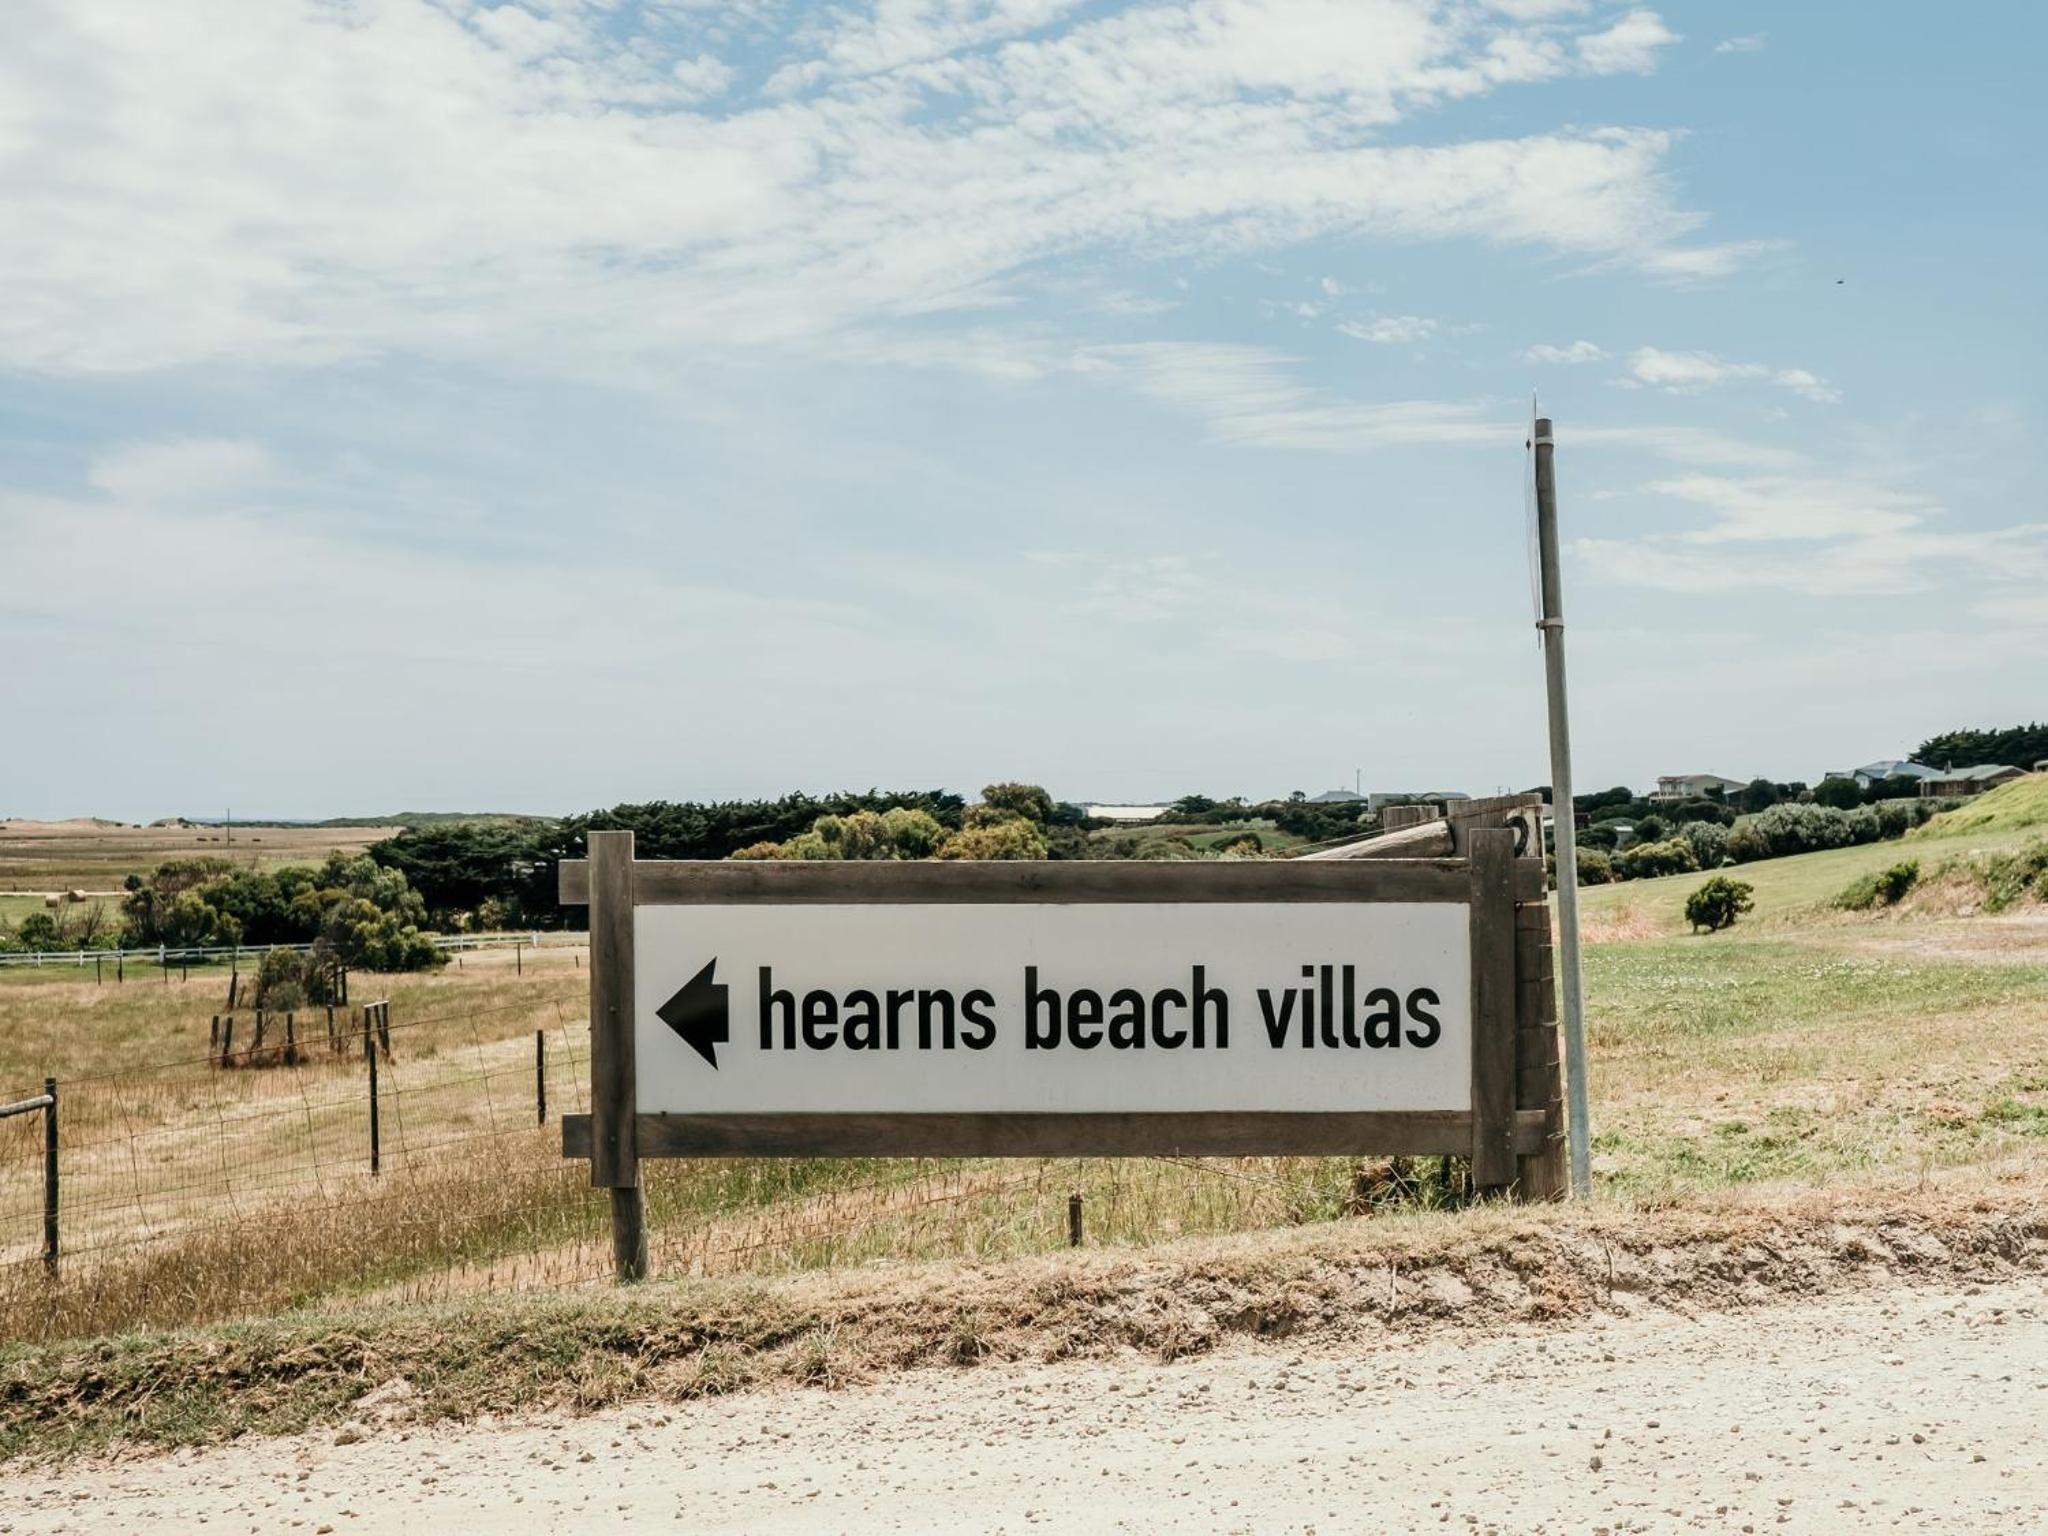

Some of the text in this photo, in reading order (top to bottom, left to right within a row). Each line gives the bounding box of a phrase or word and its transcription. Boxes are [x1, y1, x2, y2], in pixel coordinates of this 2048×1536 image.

[759, 964, 1442, 1051] hearns beach villas
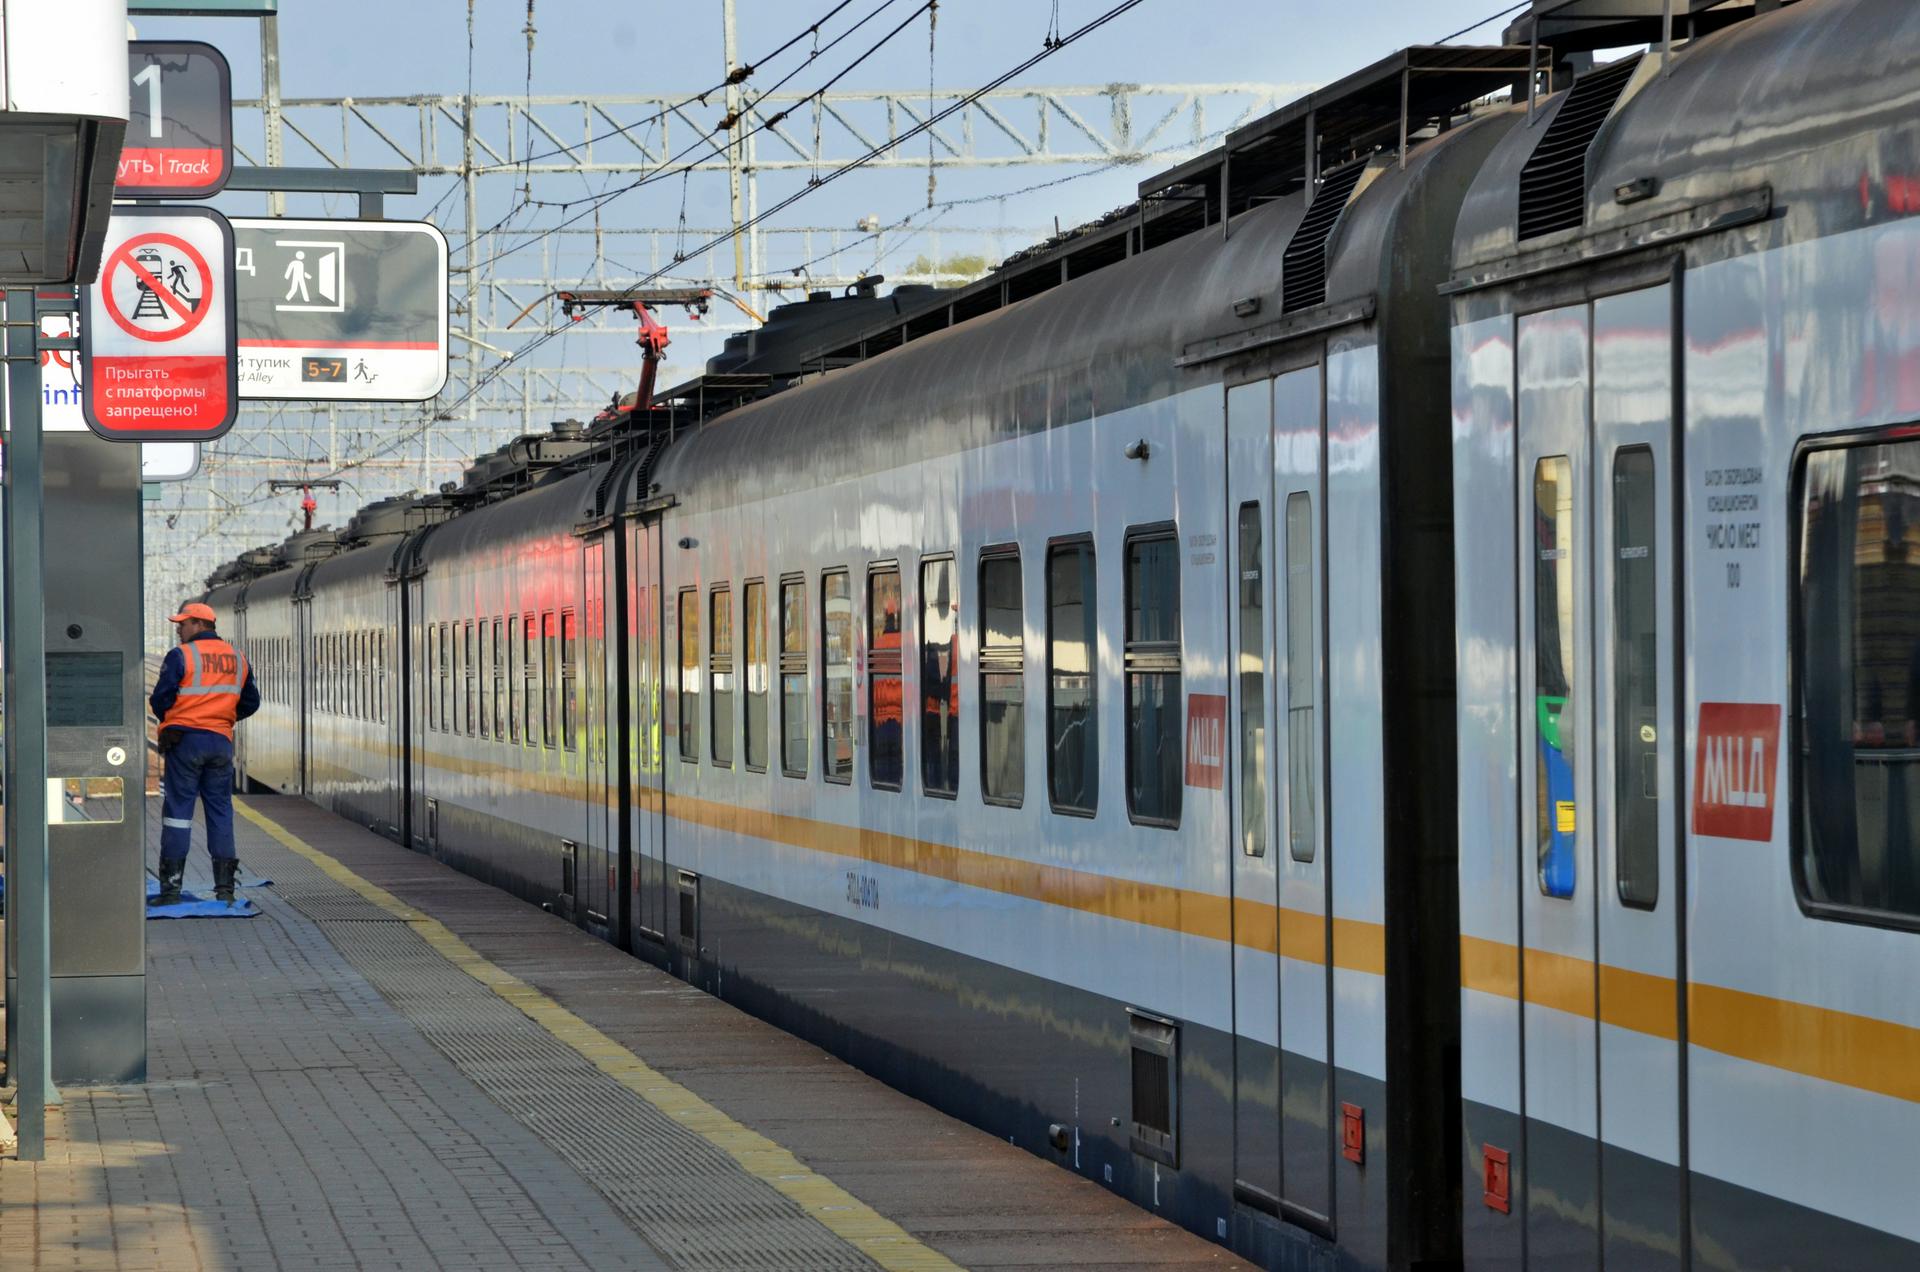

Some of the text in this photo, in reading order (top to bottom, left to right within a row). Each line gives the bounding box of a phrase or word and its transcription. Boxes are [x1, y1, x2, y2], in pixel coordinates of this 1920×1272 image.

[132, 64, 162, 137] 1
[168, 159, 210, 174] Track
[249, 357, 291, 371] тупик
[105, 366, 170, 380] Прыгать
[247, 372, 274, 384] Alley
[105, 385, 206, 401] с платформы
[105, 403, 199, 420] запрещено!
[1705, 522, 1761, 549] ЧИСЛО МЕСТ
[1702, 735, 1767, 808] МЦД
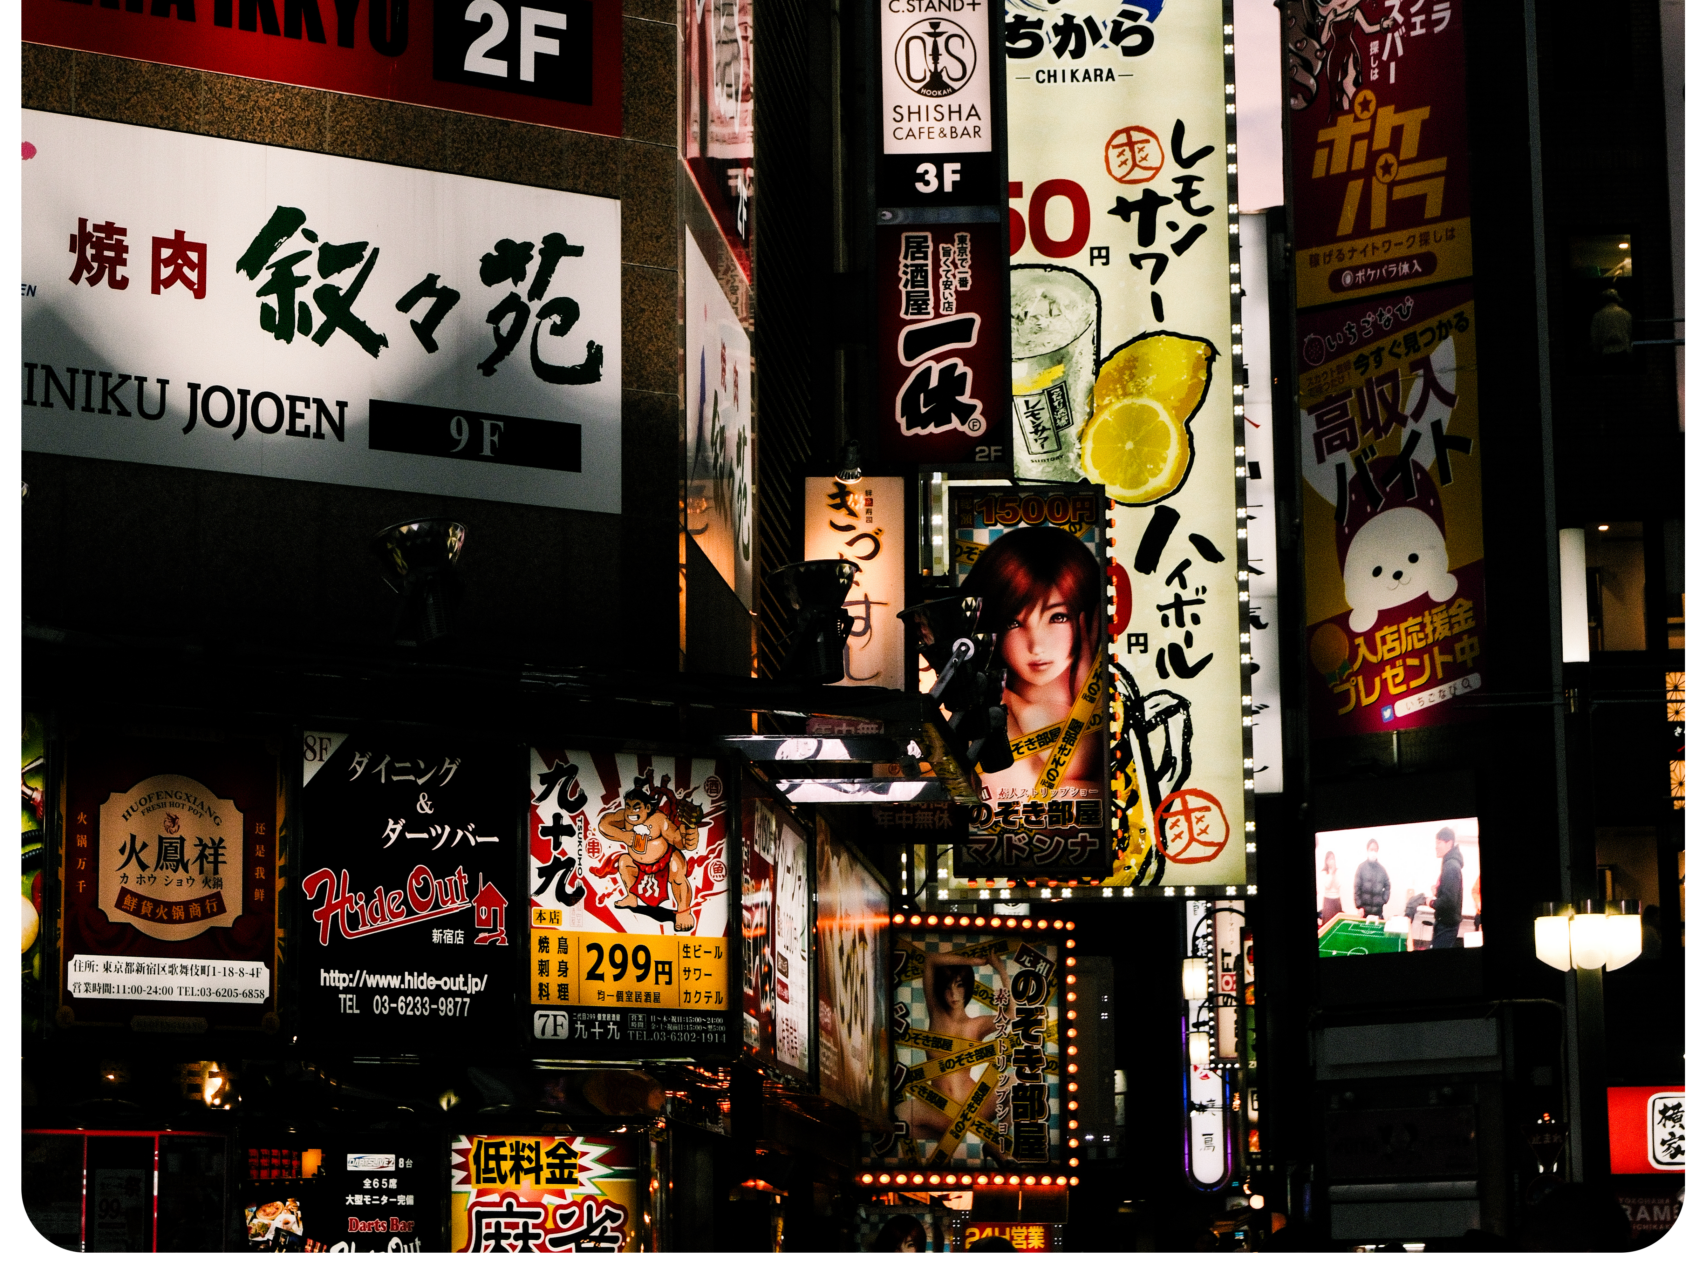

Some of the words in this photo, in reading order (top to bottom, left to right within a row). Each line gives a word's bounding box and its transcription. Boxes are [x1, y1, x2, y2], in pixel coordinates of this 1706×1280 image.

[1005, 8, 1155, 60] ちから
[1035, 68, 1116, 84] CHIKARA
[1369, 39, 1380, 81] 探しは
[920, 87, 953, 97] HOOKAH
[892, 103, 982, 123] SHISHA
[914, 161, 962, 194] 3F
[1165, 118, 1215, 257] レモン
[956, 233, 969, 289] 東京で一番
[1089, 246, 1110, 266] 円
[1107, 188, 1174, 323] サワー
[902, 234, 931, 316] 居酒屋
[941, 245, 953, 312] 旨くて安い店
[69, 216, 207, 300] 焼肉
[236, 205, 604, 385] 叙々苑
[1353, 310, 1470, 376] 今すぐ見つかる
[901, 317, 977, 432] 一休
[182, 381, 348, 442] JOJOEN
[1306, 353, 1459, 465] 高収入
[447, 414, 504, 458] 9F
[974, 445, 1003, 462] 2F
[1334, 418, 1474, 526] バイト
[975, 495, 1097, 525] 1500円
[1126, 632, 1149, 655] 円
[1350, 597, 1477, 673] 入店応援金
[1332, 634, 1481, 716] プレゼント中
[303, 735, 332, 762] 8F
[347, 750, 462, 788] ダイニング
[121, 789, 223, 827] HUOFENGXIANG
[141, 801, 167, 817] FRESH
[169, 800, 186, 811] HOT
[187, 805, 204, 819] POT
[416, 791, 435, 814] &
[968, 799, 1103, 829] のぞき部屋
[381, 817, 500, 851] ダーツバー
[533, 761, 589, 907] 九十九
[576, 816, 584, 878] TSUKUMO
[967, 832, 1101, 867] マドンナ
[117, 832, 228, 876] 火鳳祥
[302, 867, 407, 947] Hide
[407, 864, 469, 914] Out
[535, 910, 560, 925] 本店
[431, 927, 465, 945] 新宿店
[538, 935, 569, 955] 焼鳥
[682, 943, 723, 960] 生ビール
[537, 958, 569, 978] 刺身
[585, 941, 673, 986] 299円
[683, 966, 712, 981] サワー
[319, 967, 488, 995] http://www.hide-out.jp/
[538, 982, 570, 1001] 料理
[683, 989, 724, 1005] カクテル
[338, 993, 361, 1014] TEL
[372, 994, 471, 1017] 03-6233-9877
[537, 1013, 568, 1037] 7F
[574, 1020, 621, 1041] 九十九
[1010, 968, 1050, 1163] のぞき部屋
[473, 1140, 580, 1186] 低料金
[347, 1216, 387, 1233] Darts
[389, 1216, 415, 1233] Bar
##############################
• _Task brief_
Reproduce the data verbatim. Do not carry any picture into the copy.

• _Task output_
Some of the text in this photo, in reading order (top to bottom, left to right within a row). Each line gives the bounding box of a phrase or word and its transcription. Boxes are [x1, y1, x2, y2], in pixel coordinates of this 2048×1536 image.

[759, 964, 1442, 1051] hearns beach villas

Some of the text in this photo, in reading order (top to bottom, left to right within a row). Each line gives the bounding box of a phrase or word and its transcription. Boxes are [x1, y1, x2, y2], in pixel coordinates of this 1920×1272 image.

[132, 64, 162, 137] 1
[168, 159, 210, 174] Track
[249, 357, 291, 371] тупик
[105, 366, 170, 380] Прыгать
[247, 372, 274, 384] Alley
[105, 385, 206, 401] с платформы
[105, 403, 199, 420] запрещено!
[1705, 522, 1761, 549] ЧИСЛО МЕСТ
[1702, 735, 1767, 808] МЦД

Some of the words in this photo, in reading order (top to bottom, left to right within a row). Each line gives a word's bounding box and its transcription. Boxes are [x1, y1, x2, y2], in pixel coordinates of this 1706×1280 image.

[1005, 8, 1155, 60] ちから
[1035, 68, 1116, 84] CHIKARA
[1369, 39, 1380, 81] 探しは
[920, 87, 953, 97] HOOKAH
[892, 103, 982, 123] SHISHA
[914, 161, 962, 194] 3F
[1165, 118, 1215, 257] レモン
[956, 233, 969, 289] 東京で一番
[1089, 246, 1110, 266] 円
[1107, 188, 1174, 323] サワー
[902, 234, 931, 316] 居酒屋
[941, 245, 953, 312] 旨くて安い店
[69, 216, 207, 300] 焼肉
[236, 205, 604, 385] 叙々苑
[1353, 310, 1470, 376] 今すぐ見つかる
[901, 317, 977, 432] 一休
[182, 381, 348, 442] JOJOEN
[1306, 353, 1459, 465] 高収入
[447, 414, 504, 458] 9F
[974, 445, 1003, 462] 2F
[1334, 418, 1474, 526] バイト
[975, 495, 1097, 525] 1500円
[1126, 632, 1149, 655] 円
[1350, 597, 1477, 673] 入店応援金
[1332, 634, 1481, 716] プレゼント中
[303, 735, 332, 762] 8F
[347, 750, 462, 788] ダイニング
[121, 789, 223, 827] HUOFENGXIANG
[141, 801, 167, 817] FRESH
[169, 800, 186, 811] HOT
[187, 805, 204, 819] POT
[416, 791, 435, 814] &
[968, 799, 1103, 829] のぞき部屋
[381, 817, 500, 851] ダーツバー
[533, 761, 589, 907] 九十九
[576, 816, 584, 878] TSUKUMO
[967, 832, 1101, 867] マドンナ
[117, 832, 228, 876] 火鳳祥
[302, 867, 407, 947] Hide
[407, 864, 469, 914] Out
[535, 910, 560, 925] 本店
[431, 927, 465, 945] 新宿店
[538, 935, 569, 955] 焼鳥
[682, 943, 723, 960] 生ビール
[537, 958, 569, 978] 刺身
[585, 941, 673, 986] 299円
[683, 966, 712, 981] サワー
[319, 967, 488, 995] http://www.hide-out.jp/
[538, 982, 570, 1001] 料理
[683, 989, 724, 1005] カクテル
[338, 993, 361, 1014] TEL
[372, 994, 471, 1017] 03-6233-9877
[537, 1013, 568, 1037] 7F
[574, 1020, 621, 1041] 九十九
[1010, 968, 1050, 1163] のぞき部屋
[473, 1140, 580, 1186] 低料金
[347, 1216, 387, 1233] Darts
[389, 1216, 415, 1233] Bar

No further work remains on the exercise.